— Меня зовут Вуко Драккайнен. Я прошу вас вести себя соответствующим образом, госпожа доктор. Прошу взглянуть вокруг. В комнате постоянно возникают явления, которые вызывают сомнения относительно вашего состояния. Мы не знаем материальной причины этих миражей и не знаем, с какими изменениями они могут быть связаны. В данной ситуации инструкция предусматривает карантин. Пока не будет принято решение о предохранительных мерах или пока ваше состояние не сделается стабильным, мы вынуждены исполнять инструкции. Мне очень жаль, мы постараемся доставить вам все, что в наших силах, чтобы обеспечить удобства, но вы ведь сами понимаете, что я не стану нарушать инструкции. Безопасность важнее всего. Таковы правила.
— Вы не понимаете, — говорит она куда-то в потолок. — Это никакие не миражи. Это мои дети. Впрочем, неважно. Они не навредят вам. Мы… сделали здесь открытие, — она некоторое время колеблется. — Я сделала открытие. Я должна отвезти их на Землю. Все должны узнать. Это все изменит. Вы понимаете?! Все! Ликвидирует голод, насилие, нетолерантность! Мы сможем формировать климат, общество, все! Мы вырастим нового человека! Вы это понимаете?!

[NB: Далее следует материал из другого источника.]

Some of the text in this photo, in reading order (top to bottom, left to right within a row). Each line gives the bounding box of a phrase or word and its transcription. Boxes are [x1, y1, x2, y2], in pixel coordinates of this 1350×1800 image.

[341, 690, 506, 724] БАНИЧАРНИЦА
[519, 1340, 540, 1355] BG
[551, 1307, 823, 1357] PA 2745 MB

— Доктор Калло, — прерываю я ее. — Вы что, не понимаете, что это чрезвычайная ситуация и что нам приходится действовать согласно разработанным процедурам? Повторю еще раз. Это вопрос безопасности. У меня инструкции.

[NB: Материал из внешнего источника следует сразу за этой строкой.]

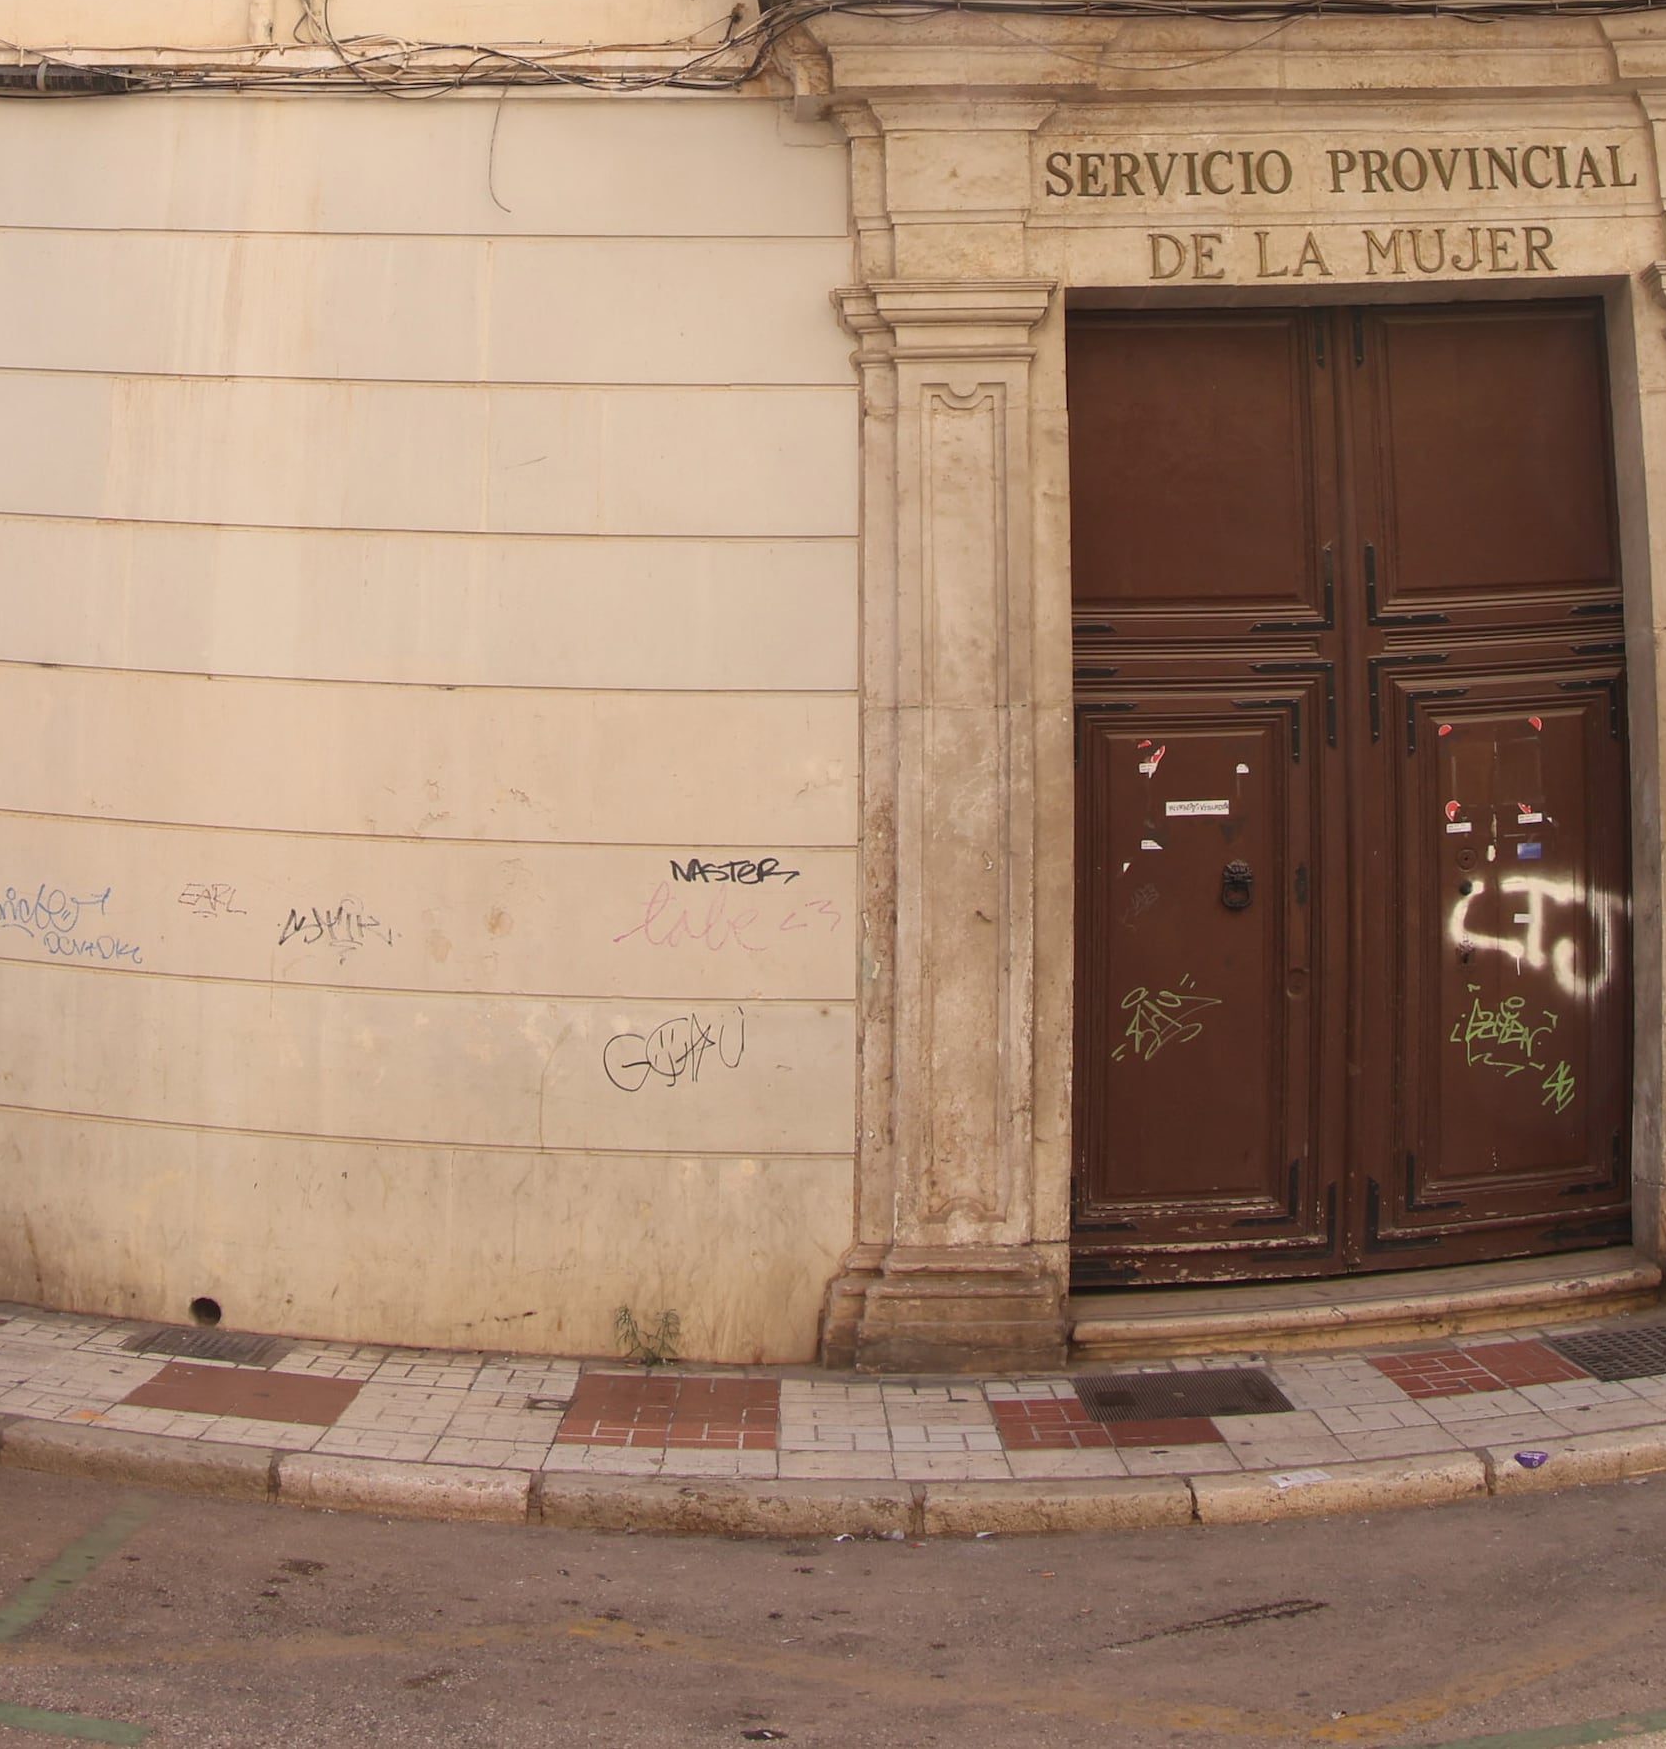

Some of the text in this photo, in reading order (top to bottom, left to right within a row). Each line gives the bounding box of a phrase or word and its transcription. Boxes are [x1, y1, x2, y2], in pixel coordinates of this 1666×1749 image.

[1045, 144, 1637, 197] SERVICIO PROVINCIAL
[1149, 226, 1557, 279] DE LA MUJER

— Когда будет эвакуация? — спрашивает она, закусив губу. Услышала заклинание, от которых любой европеец отскакивает словно от стены в той старой, двадцатого века еще опере «The Wall».[6]
Безопасность. Инструкции. Процедуры. The Wall.— Наш корабль появится в системе к концу лета. Эвакуация наступит, когда мы вышлем сигнал. Пока что продолжаются поиски оставшихся в живых членов экспедиции.
— Кто еще выжил? И как вы нашли меня?.. Я… у меня провалы в памяти…
— Очень прошу не задавать таких вопросов. Не могу на них ответить. Ваше состояние… деликатно. Вы пережили посттравматический стресс. ПТСР. У вас может проявиться самая разная симптоматика, как психическая, так и психофизиологическая. Дезориентация, состояние страха, амнезия, перебои в ритме сердца, проблемы с речью, даже частичный моторный паралич. Потому я прошу вас избегать сильных эмоций. Прошу ни о чем не переживать и отдыхать. Вы в абсолютной безопасности и находитесь в хороших руках. Вам нужно просто отдохнуть и дать нам работать.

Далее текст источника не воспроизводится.